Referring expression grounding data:
※ ※ ※

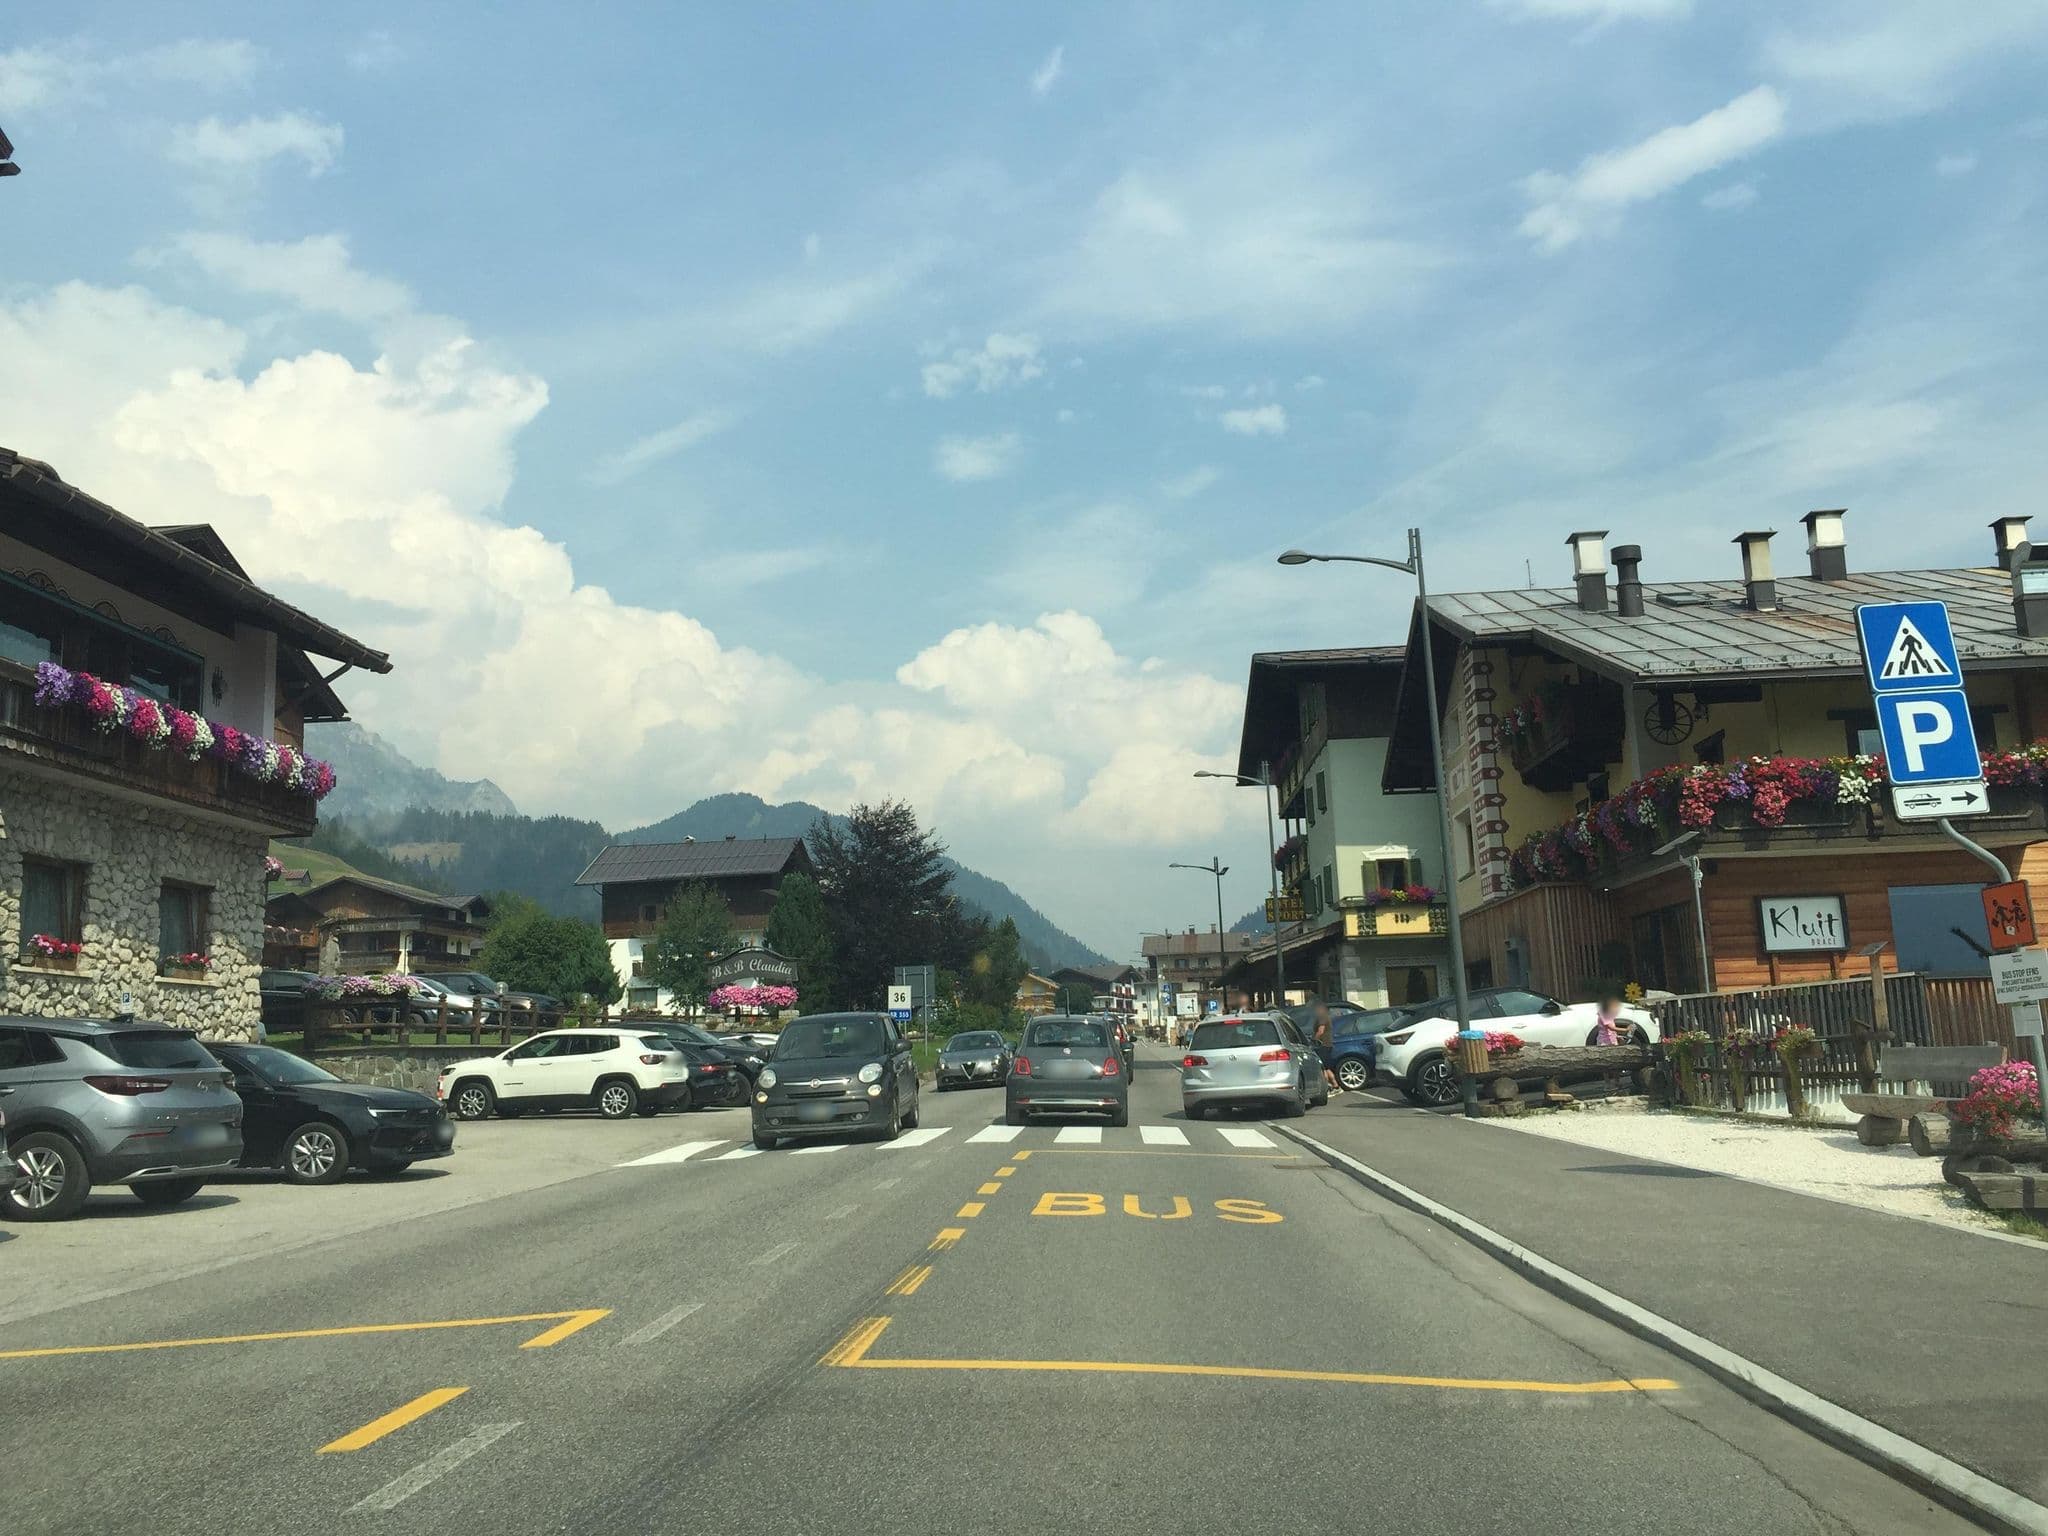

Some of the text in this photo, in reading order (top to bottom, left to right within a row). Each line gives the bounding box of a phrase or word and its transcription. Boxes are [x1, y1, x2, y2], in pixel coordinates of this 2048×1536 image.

[1896, 701, 1953, 772] P
[1267, 898, 1303, 909] HTEL
[1769, 905, 1840, 938] Kluit
[750, 958, 793, 975] Claudia
[894, 992, 906, 1003] 36
[1030, 1192, 1284, 1223] BUS
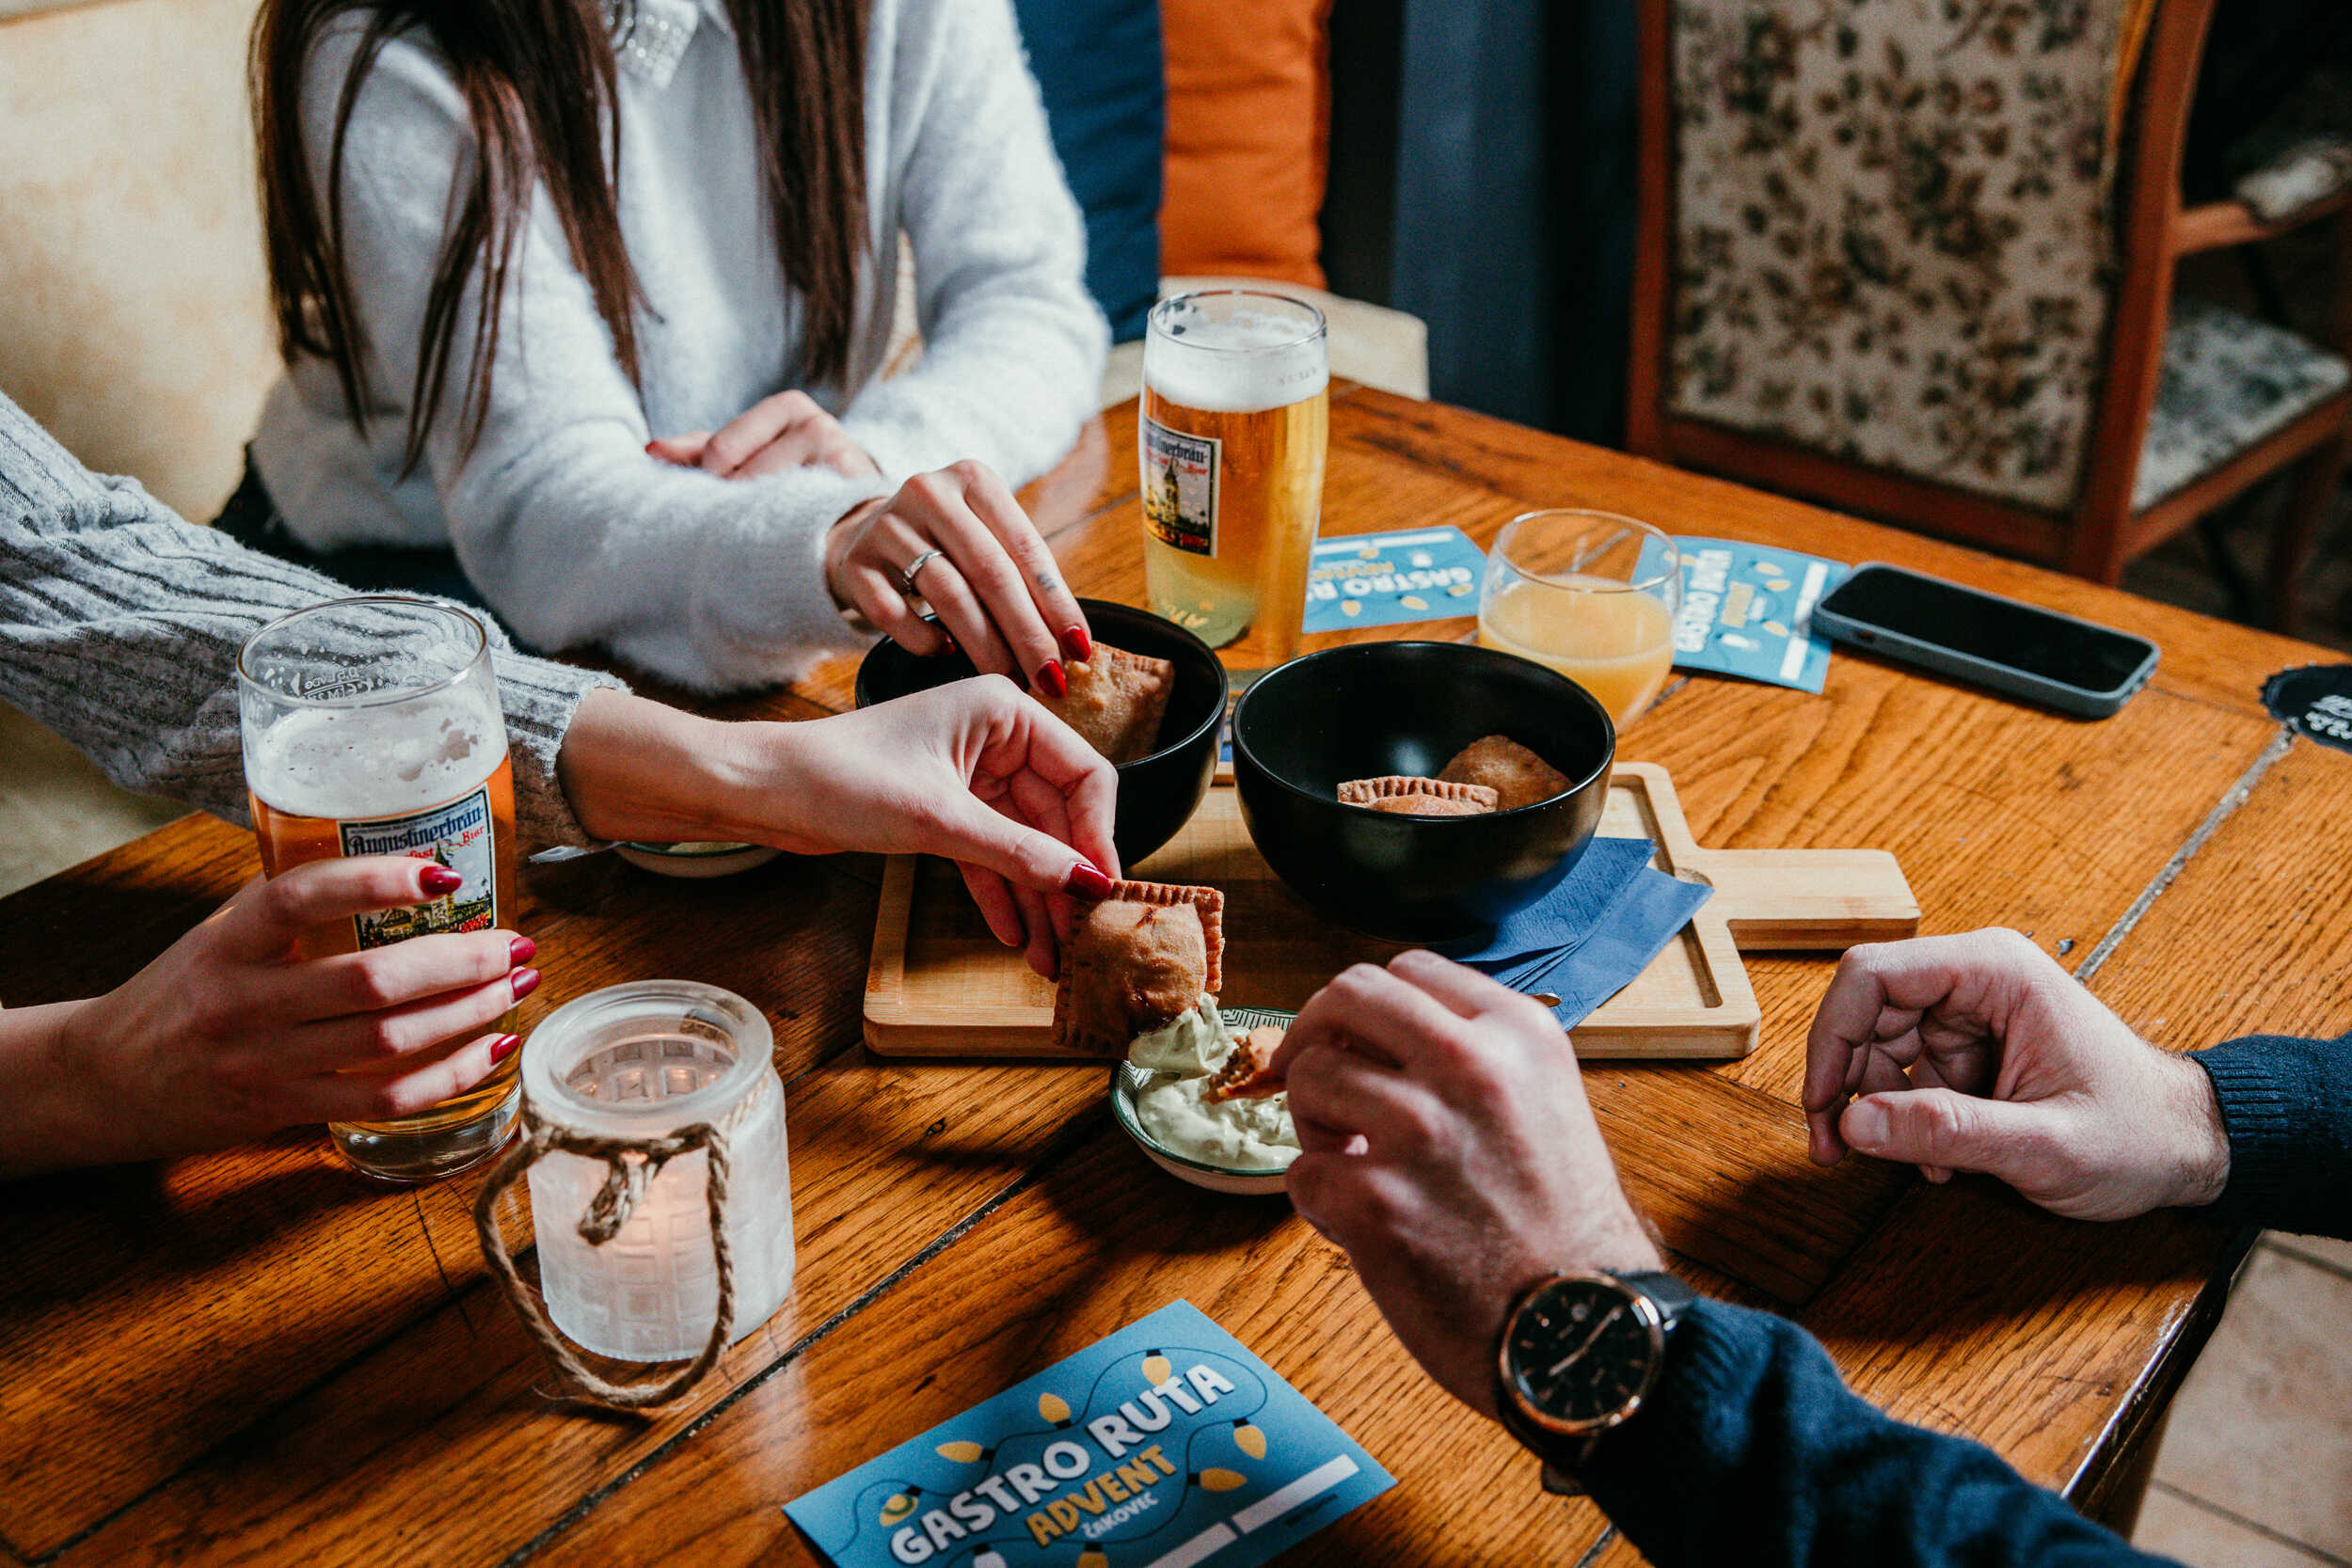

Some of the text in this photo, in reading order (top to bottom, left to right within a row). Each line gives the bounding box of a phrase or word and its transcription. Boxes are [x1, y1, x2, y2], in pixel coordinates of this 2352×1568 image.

[890, 1364, 1235, 1565] GASTRO RUTA
[1025, 1444, 1177, 1547] ADVENT
[1083, 1491, 1160, 1539] ČAKOVEC

※ ※ ※

Copy out all the data exactly, skipping the pictures.

- **OUTPUT OF THE TASK**
Some of the text in this photo, in reading order (top to bottom, left to right within a row). Each line gives the bounding box of a phrase or word and its transcription. Boxes are [x1, y1, x2, y2], in pixel coordinates of this 2048×1536 image.

[1896, 701, 1953, 772] P
[1267, 898, 1303, 909] HTEL
[1769, 905, 1840, 938] Kluit
[750, 958, 793, 975] Claudia
[894, 992, 906, 1003] 36
[1030, 1192, 1284, 1223] BUS

Some of the text in this photo, in reading order (top to bottom, left to right within a row). Each line gives the bounding box of a phrase or word and its transcription. Boxes are [x1, y1, x2, y2], in pixel coordinates of this 2352×1568 image.

[890, 1364, 1235, 1565] GASTRO RUTA
[1025, 1444, 1177, 1547] ADVENT
[1083, 1491, 1160, 1539] ČAKOVEC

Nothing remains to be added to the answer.